November 19, 2020 11:05:24

According to ongoing research that was presented during a recent virtual meeting at the American Heart Association Scientific Session, it was discovered that limiting meals to early in the day didn’t affect the weight of overweight adults who have diabetes or prediabetes.

Associate professor of epidemiology, nursing and medicine at Johns Hopkins, Nisa M. Maruthur, the study’s author, stated that researchers had questioned the possibility of whether the time that an individual ate during the day affected how their body stored and used energy. Prior studies had not controlled the number of calories people consumed. It had therefore not been clear whether individuals who ate earlier in the day ate fewer calories. To remedy this, their study changed the time during the day when an individual ate.
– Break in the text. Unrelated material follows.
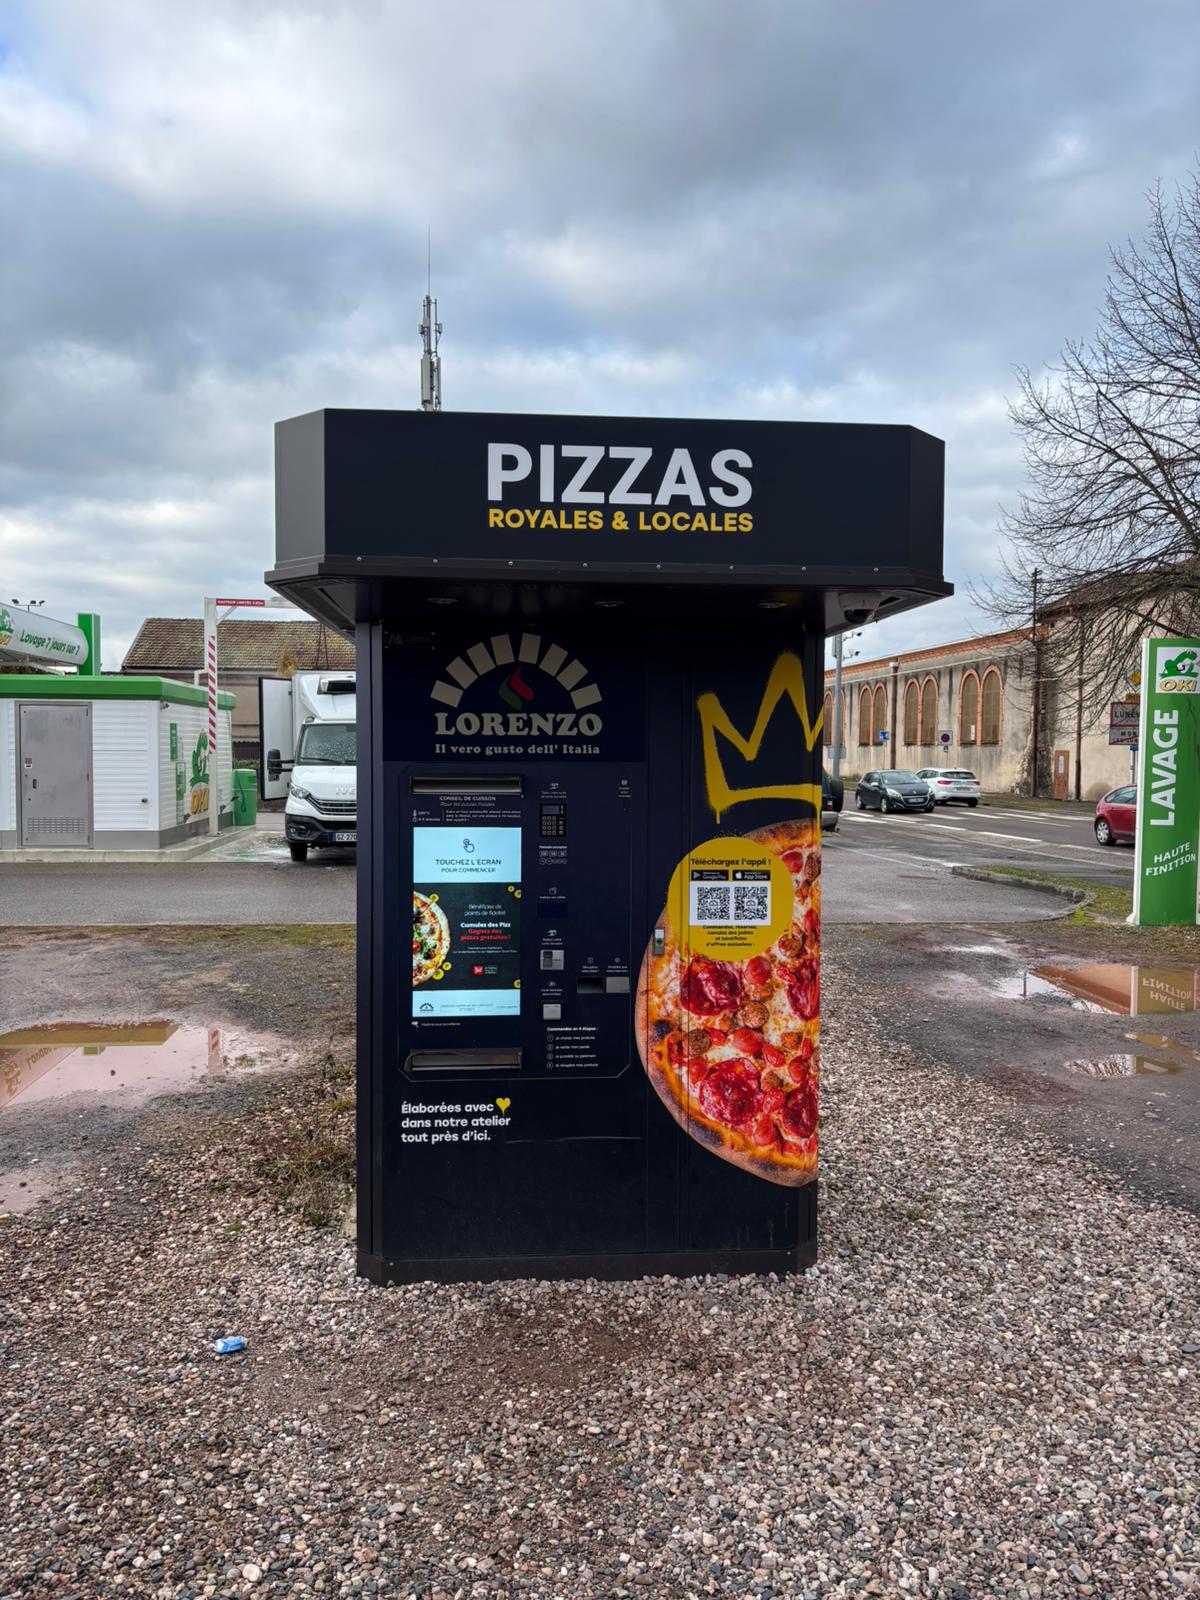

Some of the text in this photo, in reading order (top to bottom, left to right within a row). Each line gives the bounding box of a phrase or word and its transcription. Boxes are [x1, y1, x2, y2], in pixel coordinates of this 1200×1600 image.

During their three-month study, Maruthur and her colleagues observed 41 adults who were overweight. A majority of the participants were black women with an average age of 59 years who had diabetes or prediabetes. They made up 90% of the participants in the study. During the study, twenty participants ate in a 12-hour window at their usual eating times, ingesting half of their daily calories after 5 p.m. for the entire duration of the study. The remaining 21 participants followed an eating pattern that was time restricted.
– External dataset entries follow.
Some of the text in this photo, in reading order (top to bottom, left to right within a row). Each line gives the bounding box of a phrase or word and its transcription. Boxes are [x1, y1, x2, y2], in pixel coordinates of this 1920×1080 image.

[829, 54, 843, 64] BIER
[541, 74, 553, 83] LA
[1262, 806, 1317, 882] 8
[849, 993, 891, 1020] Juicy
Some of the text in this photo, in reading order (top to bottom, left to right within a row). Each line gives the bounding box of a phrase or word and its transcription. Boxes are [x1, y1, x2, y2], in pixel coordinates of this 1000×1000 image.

This limited their eating to specific hours of the day. They consumed 80% of their daily calories before 1 p.m. with all 41 participants eating the same healthy, preprepared meals that were provided for them in the study. At the beginning of the study, the blood pressure and weight for each participant was measured. This was then measured four weeks and eight weeks after the study commenced, as well as when the study ended.
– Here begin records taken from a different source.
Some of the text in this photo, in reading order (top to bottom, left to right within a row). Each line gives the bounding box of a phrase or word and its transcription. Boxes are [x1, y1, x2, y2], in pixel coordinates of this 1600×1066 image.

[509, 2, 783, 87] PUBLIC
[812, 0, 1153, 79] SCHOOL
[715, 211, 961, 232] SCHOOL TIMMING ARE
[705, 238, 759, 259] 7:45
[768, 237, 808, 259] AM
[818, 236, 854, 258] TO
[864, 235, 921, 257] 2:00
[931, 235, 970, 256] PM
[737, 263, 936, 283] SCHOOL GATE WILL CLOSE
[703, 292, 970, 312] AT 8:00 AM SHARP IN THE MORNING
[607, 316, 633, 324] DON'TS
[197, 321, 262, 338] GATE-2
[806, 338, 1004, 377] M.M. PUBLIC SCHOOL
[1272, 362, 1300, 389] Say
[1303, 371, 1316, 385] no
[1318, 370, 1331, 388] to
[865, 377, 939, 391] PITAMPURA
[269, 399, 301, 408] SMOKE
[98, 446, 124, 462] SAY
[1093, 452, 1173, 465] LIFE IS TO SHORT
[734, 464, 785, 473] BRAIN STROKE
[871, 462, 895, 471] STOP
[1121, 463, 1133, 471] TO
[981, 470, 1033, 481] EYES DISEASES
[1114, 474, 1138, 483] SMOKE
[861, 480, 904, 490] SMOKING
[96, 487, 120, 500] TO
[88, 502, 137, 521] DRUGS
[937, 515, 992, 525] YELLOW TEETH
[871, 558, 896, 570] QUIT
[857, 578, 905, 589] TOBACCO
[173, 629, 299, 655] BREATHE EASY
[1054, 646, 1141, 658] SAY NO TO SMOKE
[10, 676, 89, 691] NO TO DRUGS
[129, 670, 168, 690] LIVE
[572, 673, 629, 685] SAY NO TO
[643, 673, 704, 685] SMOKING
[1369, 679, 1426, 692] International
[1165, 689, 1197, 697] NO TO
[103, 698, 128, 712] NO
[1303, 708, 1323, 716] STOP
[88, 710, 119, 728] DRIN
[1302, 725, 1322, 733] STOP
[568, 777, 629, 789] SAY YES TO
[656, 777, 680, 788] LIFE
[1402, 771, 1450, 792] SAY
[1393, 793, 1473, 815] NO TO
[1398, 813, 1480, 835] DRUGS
The researchers’ analysis discovered that individuals in both groups had decreased blood pressure and had lost weight, regardless of what they consumed. Maruthur explained that initially, they thought the group that had a time-restricted eating pattern would lose more weight. However, they noted no differences in weight loss in either groups.

Currently, the researchers are gathering more detailed information on blood pressure documented over a 24-hour period. They will then compile this information with the findings of a study that centered on the effects of time-restricted eating on insulin, blood sugar and other hormones. Maruthur added that, when combined, the findings from both studies would help the researchers better understand the impact time-restricted feeding had on cardio-metabolic health.